Records drawn from a dataset

:::

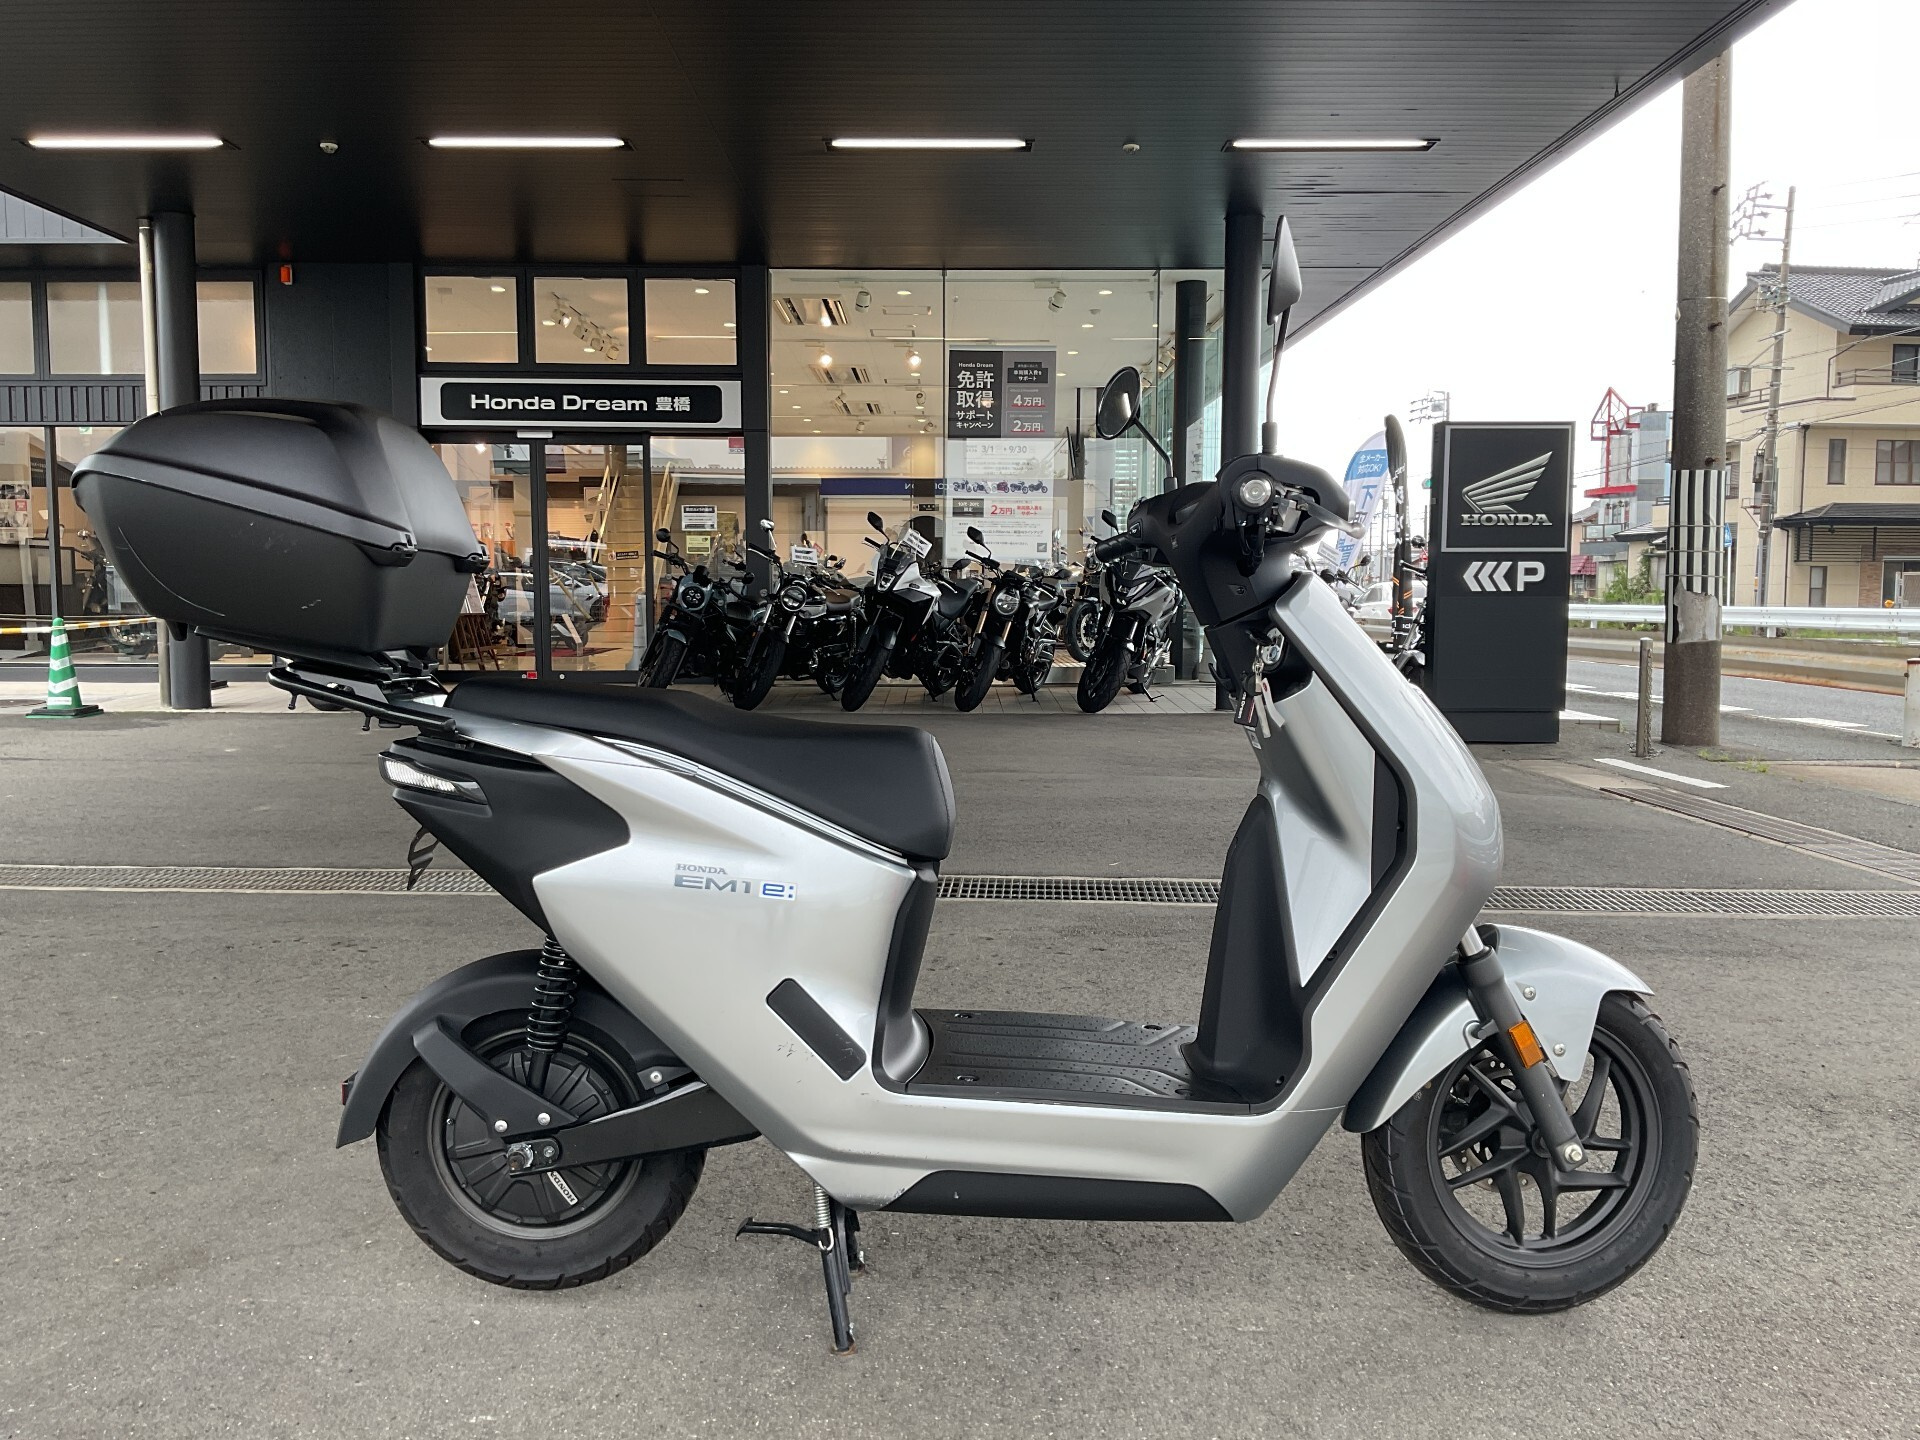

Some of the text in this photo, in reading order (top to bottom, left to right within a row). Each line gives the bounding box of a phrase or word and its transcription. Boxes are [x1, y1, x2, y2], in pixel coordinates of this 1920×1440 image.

[957, 370, 995, 389] 免許
[470, 393, 691, 412] Honda Dream 豊橋
[1013, 394, 1042, 406] 4万円
[956, 410, 994, 420] サポート
[956, 421, 994, 429] キャンペーン
[1013, 419, 1041, 432] 2万円
[981, 445, 994, 454] 3/1
[1008, 445, 1028, 454] 9/30
[990, 504, 1013, 515] 2万円
[1460, 513, 1553, 526] HONDA
[1516, 561, 1545, 592] P
[675, 862, 729, 875] HONDA
[674, 874, 752, 894] EM1
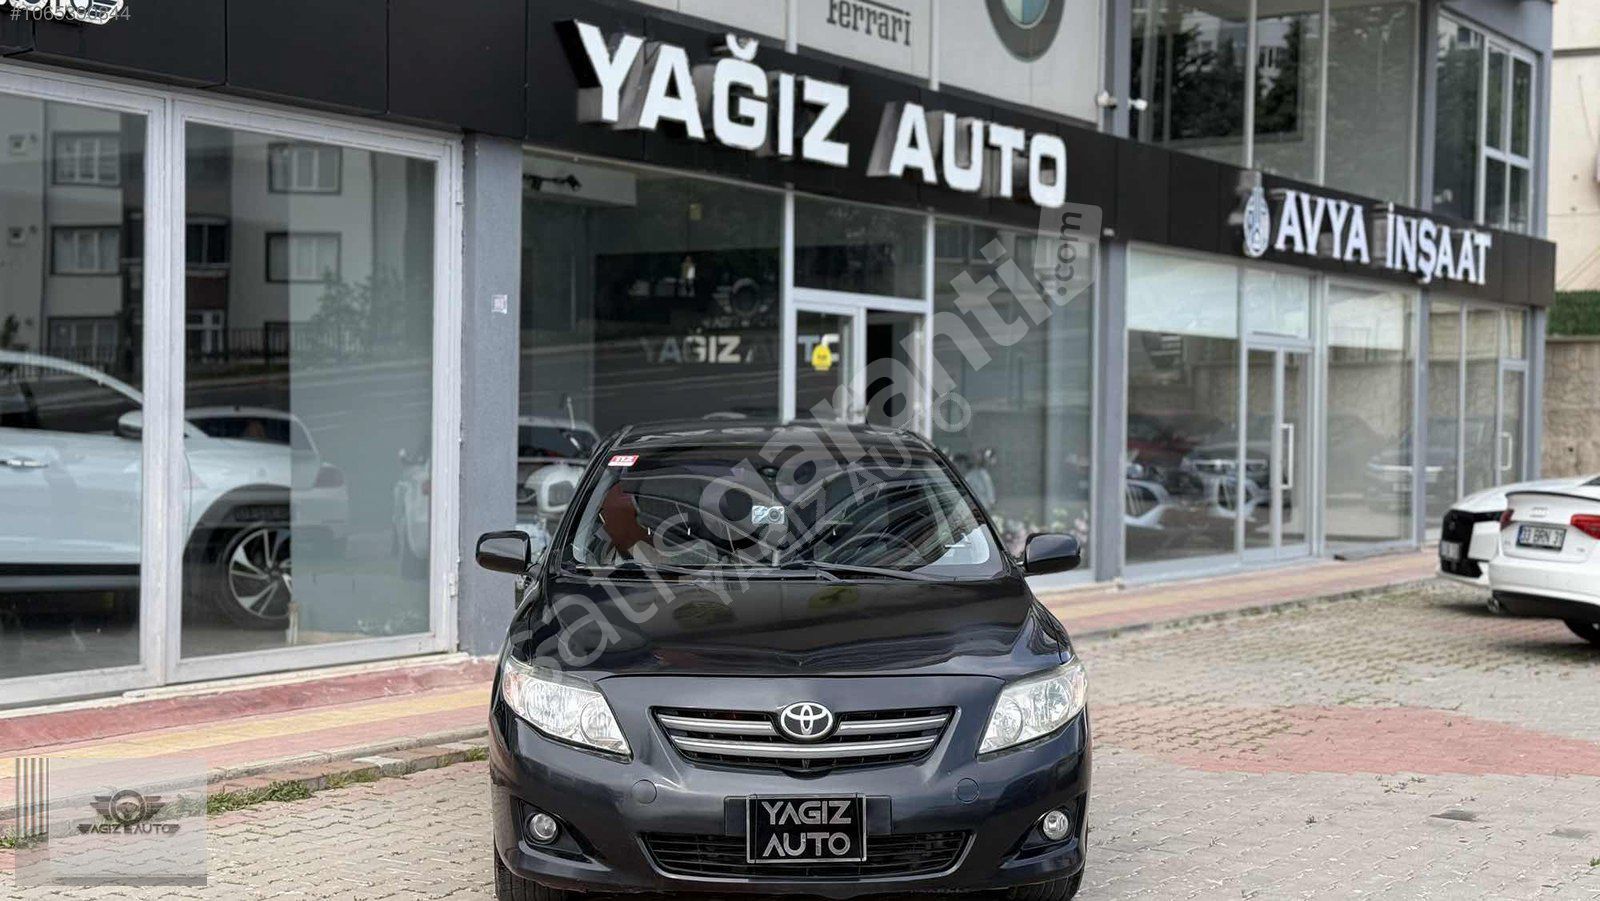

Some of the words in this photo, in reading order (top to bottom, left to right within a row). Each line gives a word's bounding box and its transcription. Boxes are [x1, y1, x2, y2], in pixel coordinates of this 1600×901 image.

[573, 20, 850, 167] YAĞIZ
[888, 102, 1067, 208] AUTO
[1274, 190, 1370, 263] AVYA
[1385, 202, 1492, 284] İNŞAAT
[761, 800, 852, 825] YAGIZ
[762, 832, 851, 857] AUTO
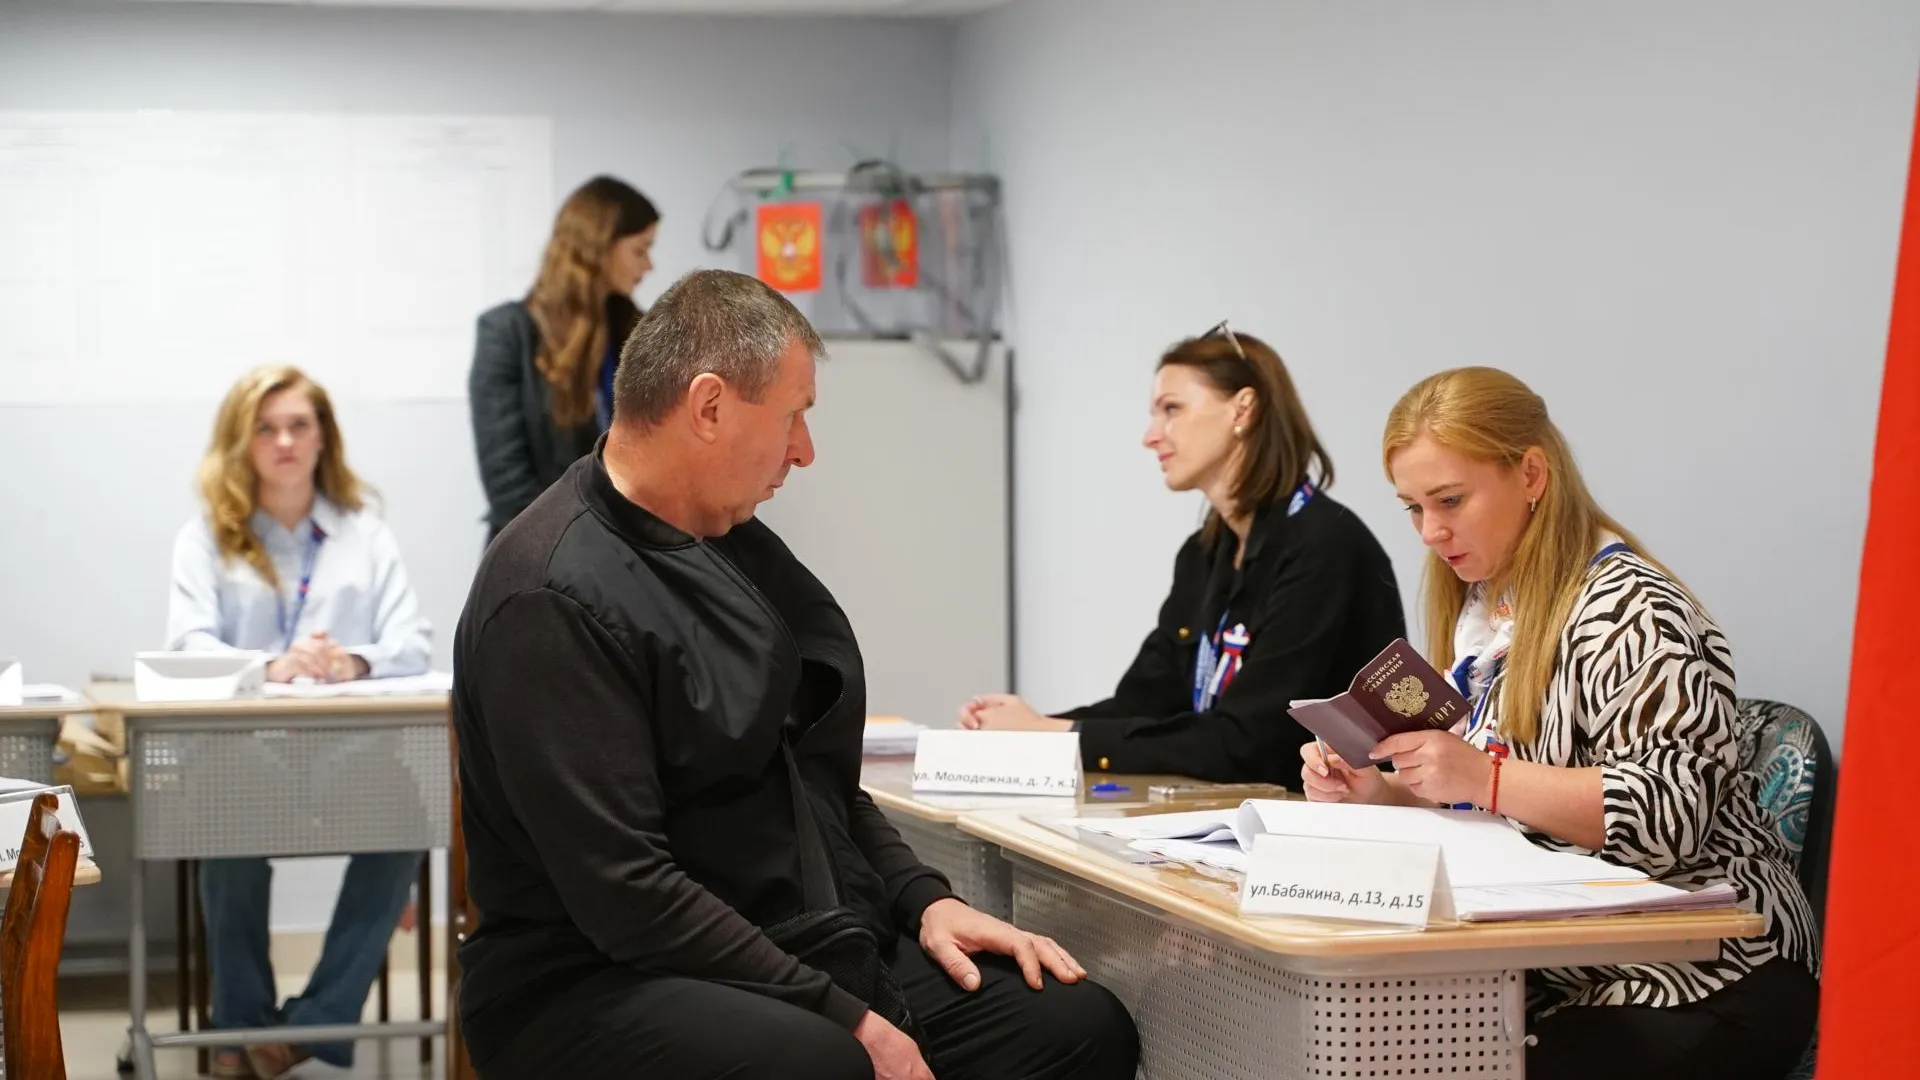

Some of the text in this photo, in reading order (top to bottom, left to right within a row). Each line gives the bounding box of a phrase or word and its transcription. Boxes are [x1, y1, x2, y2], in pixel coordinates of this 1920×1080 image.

:::

WHAT IS REQUIRED:
Nothing in the entries above should change when they are printed again, except that the pictures are dropped.

EXERCISE OUTPUT:
Some of the text in this photo, in reading order (top to bottom, left to right within a row). Each line gives the bounding box of a phrase or word and its transcription. Boxes are [x1, y1, x2, y2], in pixel coordinates of this 1920×1440 image.

[957, 370, 995, 389] 免許
[470, 393, 691, 412] Honda Dream 豊橋
[1013, 394, 1042, 406] 4万円
[956, 410, 994, 420] サポート
[956, 421, 994, 429] キャンペーン
[1013, 419, 1041, 432] 2万円
[981, 445, 994, 454] 3/1
[1008, 445, 1028, 454] 9/30
[990, 504, 1013, 515] 2万円
[1460, 513, 1553, 526] HONDA
[1516, 561, 1545, 592] P
[675, 862, 729, 875] HONDA
[674, 874, 752, 894] EM1

Some of the words in this photo, in reading order (top to bottom, left to right within a row). Each line gives a word's bounding box and its transcription. Boxes are [x1, y1, x2, y2], in pixel coordinates of this 1600×901 image.

[573, 20, 850, 167] YAĞIZ
[888, 102, 1067, 208] AUTO
[1274, 190, 1370, 263] AVYA
[1385, 202, 1492, 284] İNŞAAT
[761, 800, 852, 825] YAGIZ
[762, 832, 851, 857] AUTO

Some of the text in this photo, in reading order (top to bottom, left to right within a row). Each line gives the bounding box of a phrase or word and its transcription. Boxes are [x1, y1, x2, y2], in pixel coordinates of this 1920×1080 image.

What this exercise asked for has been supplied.